Often the goal (Desired Dough Temperature = DDT) is a little less than 80F (optimum yeast growth temperature). A guestimate for getting there takes the average of three temperatures: (KitchenRoomTemp + DryIngredientsTemp + LiquidIngredientsTemp) / 3. Your main control is the liquid temperature (you don't have too much instantaneous control over either the kitchem room temperature or the dry ingredients temperature). You can work backwards to figure out about what temperature liquid you need; this leads to things like the "rule of 240", i.e. start with 240 and subtract the temperature of the room, then subtract the temperature of the dry ingredients from that, what's left is the temperature your liquid ingredients should be.(Of course this is all in Fahrenheit, the numbers would be different for Celcius.)

Problem is, sometimes the calculated liquid temperature is pretty hot, hot enough to kill yeast. (Yeast dies at around 140F.)

If the yeast is all in a clump, and you pour hot liquid on it, you can have problems.
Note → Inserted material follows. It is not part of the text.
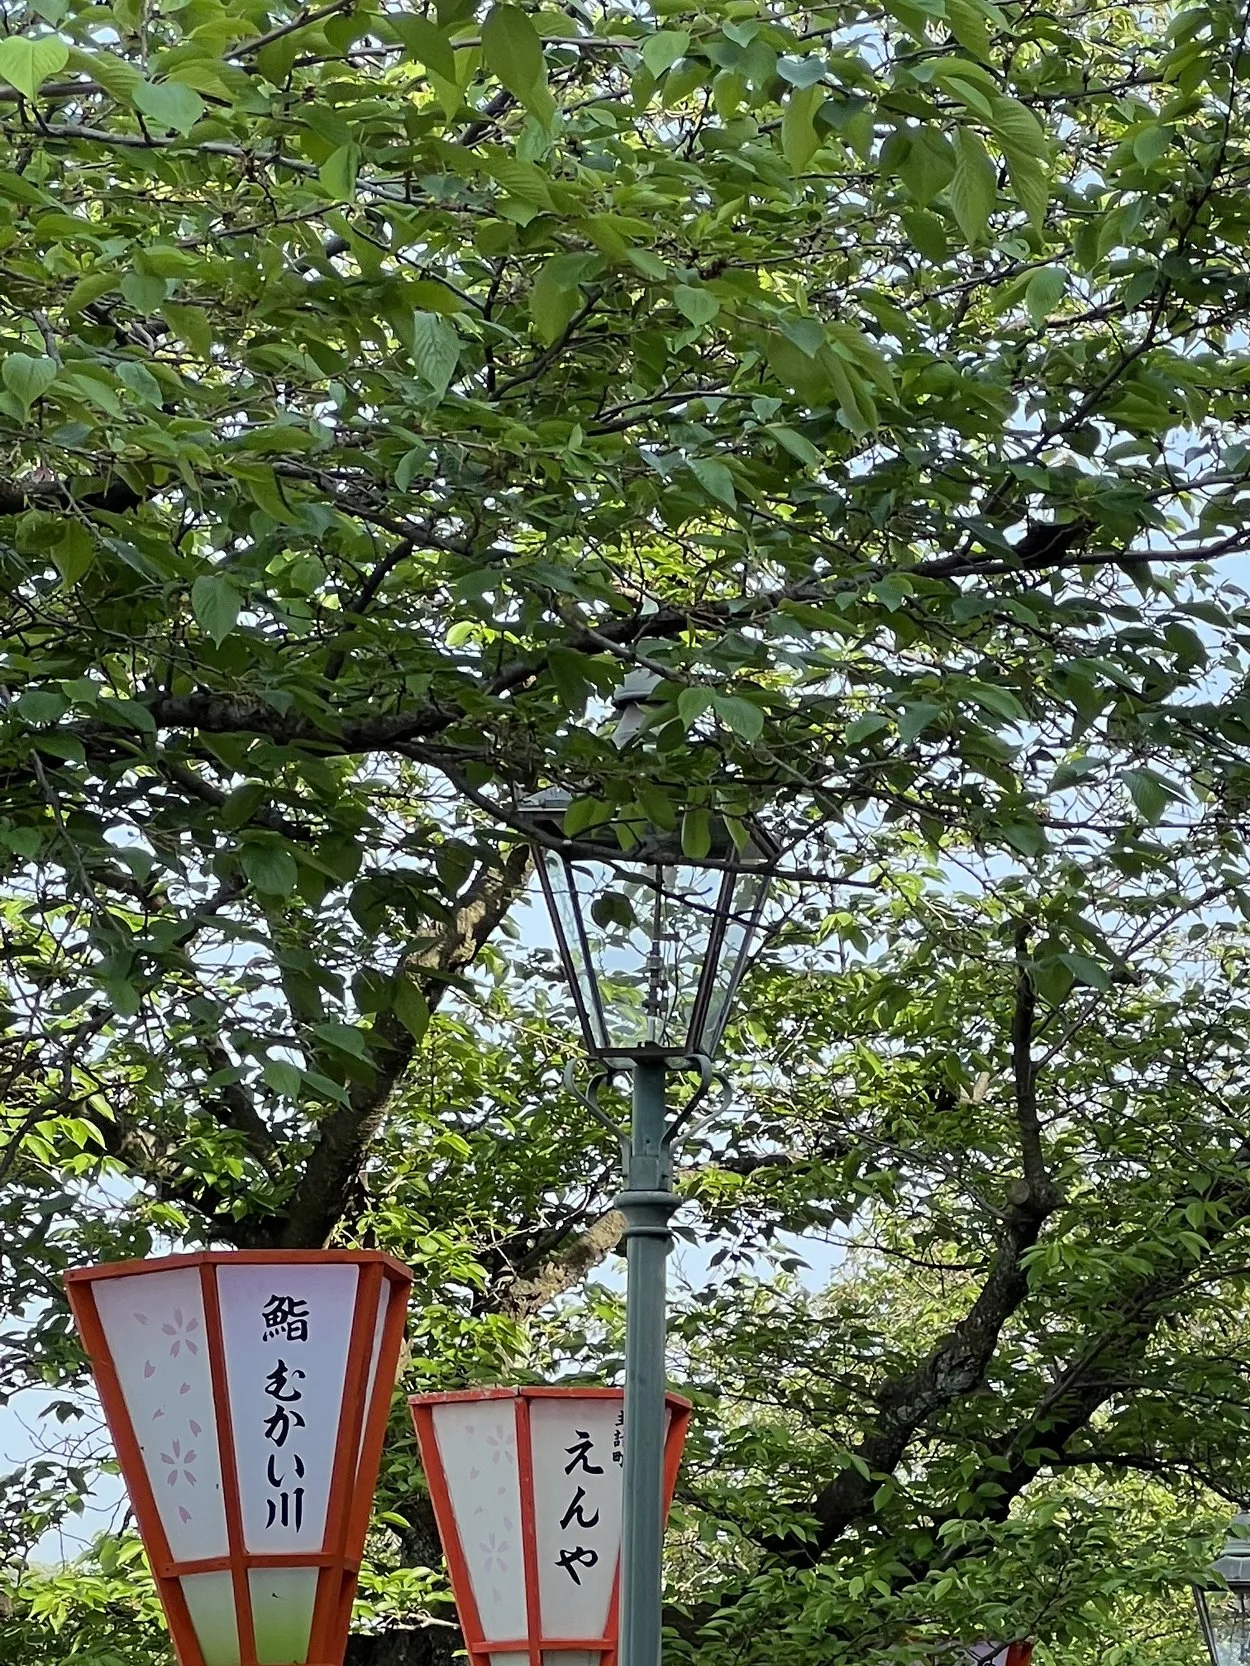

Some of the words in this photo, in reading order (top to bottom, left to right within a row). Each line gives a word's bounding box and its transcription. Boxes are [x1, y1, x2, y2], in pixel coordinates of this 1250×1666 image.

[261, 1294, 310, 1343] 鮨
[263, 1358, 306, 1533] むかい川
[554, 1429, 605, 1586] えんや
But those problems are avoidable; here are a couple alternative methods that mostly avoid killing the yeast even when the liquid is pretty hot:

  1. Mix the dry and the liquid a little bit so the hot and cool temperatures average out, and only then add the yeast before doing the thorough mixing.
  2. Thoroughly mix the yeast (and all other dry ingredients?) into the flour before combining the dry and liquid ingredients. Mostly the hot liquid will be cooled enough by mixing with the flour, before it gets to the yeast. (A little yeast may die anyway this way, but hopefully not enough to worry about:-)

 

HeidiH's picture
HeidiH

Not heating the water means no risk of killing the yeast.  It also means that the first rise might take a little longer on a cold day.

I use water from the filter tap we have on the kitchen sink.  In the summer, our tap water is tepid here in South Carolina as they only bury the pipes 6-to-9 inches below ground but it is also very cold on a cold day.  Still nothing like the hurts-your-teeth water that comes out of northern taps in the winter.

So far, I've not had any problem with tap-temperature filtered water.  We installed a filter for drinking water because our city water company is chlorine happy and in the summer it can smell like a pool.  Sometimes I forget which tap to use and make bread with the unfiltered stuff with no ill effects.

SonyaC's picture
SonyaC

 It did rise but the final product is a bit doughy... but still tastes really good. Instead of Babka... i'm calling this one chocolate cinnamon bread! 

Thanks once again

HeidiH's picture
HeidiH

Like you, today I started to make pumpernickel bagels but after the first rise, the dough was too sticky to become anything other than a slow-baked-in-a-Dutch-Oven, heavy, psuedo-European pumpernickel.  To the rest of the household, however, it was a success.  Hubby said, "You can make this one again!"  Now I have to figure out how to replicate the errors that came to this result.